Un estudio señala la causa de los problemas de seguridad del diclofenaco, un analgésico muy utilizado



Según un nuevo estudio, los problemas de seguridad relacionados con el diclofenaco, un analgésico de uso muy extendido, podrían estar vinculados a una enzima metabolizadora del fármaco poco estudiada cuya expresión puede variar hasta 3.000 veces de un individuo a otro.

Los resultados del estudio, publicados en la revista Clinical Pharmacology & Therapeutics, podrían servir para identificar a las personas con riesgo de sufrir efectos secundarios graves a causa del diclofenaco y establecer normas de dosificación más seguras para grupos de población específicos, como mujeres, niños pequeños y personas de determinadas etnias.

Utilizado para combatir el dolor y la inflamación asociados a la artritis, el diclofenaco es uno de los antiinflamatorios no esteroideos más utilizados en todo el mundo.

«La mayoría de los pacientes que utilizan diclofenaco padecen artritis, y muchos de ellos corren el riesgo de sufrir cardiopatías», explica Bhagwat Prasad, autor principal y profesor asociado de la Facultad de Farmacia y Ciencias Farmacéuticas de la Universidad Estatal de Washington. «Así que existe la preocupación de que tomar diclofenaco puede estar poniéndolos en un riesgo aún mayor de eventos cardiovasculares como ataque cardíaco y accidente cerebrovascular».

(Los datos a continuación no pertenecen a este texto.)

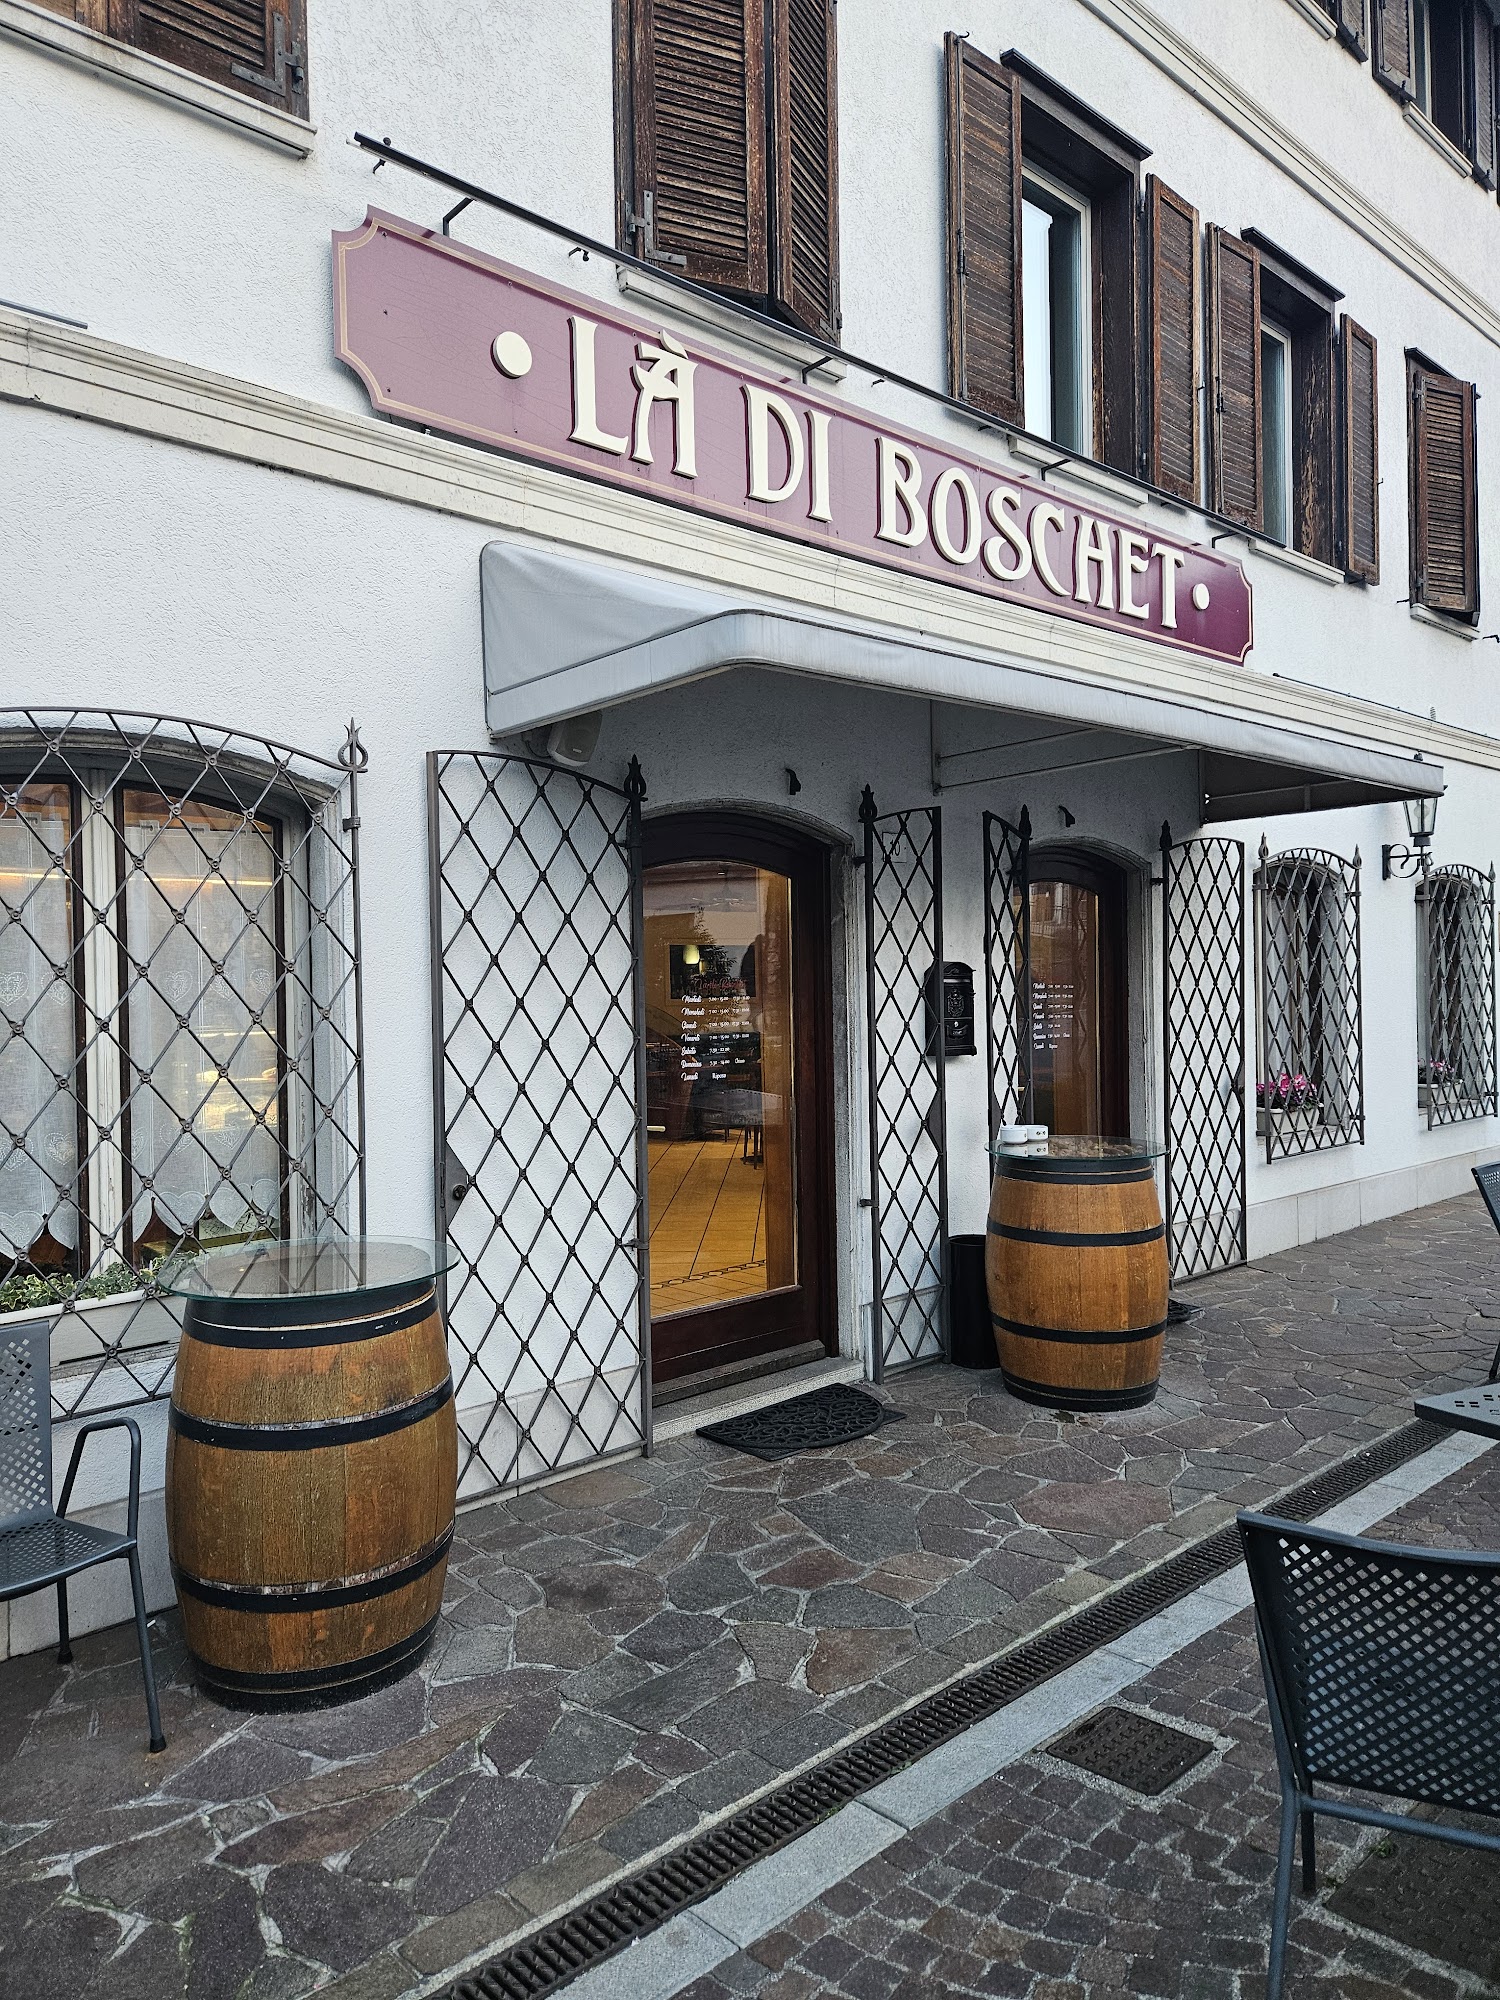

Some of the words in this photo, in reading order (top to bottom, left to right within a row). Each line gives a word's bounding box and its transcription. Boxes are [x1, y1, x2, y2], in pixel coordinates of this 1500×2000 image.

[567, 315, 699, 479] LÀ
[743, 384, 835, 523] DI
[875, 436, 1186, 629] BOSCHET

Hallazgos anteriores del equipo de la WSU habían descubierto un alto grado de variabilidad en la expresión de UGT2B17, una enzima que interviene en el metabolismo del diclofenaco. Ese estudio demostró que la enzima está presente en niveles mucho más bajos en las mujeres que en los hombres, lo que, según los investigadores, podría explicar el mayor riesgo de daño cardiaco observado en las mujeres que toman diclofenaco. También descubrieron que la enzima está ausente en la mayoría de los niños menores de nueve años y que existen grandes diferencias étnicas en el número de personas que carecen por completo del gen de la enzima, que oscila entre el 20% de los caucásicos y el 90% de los japoneses.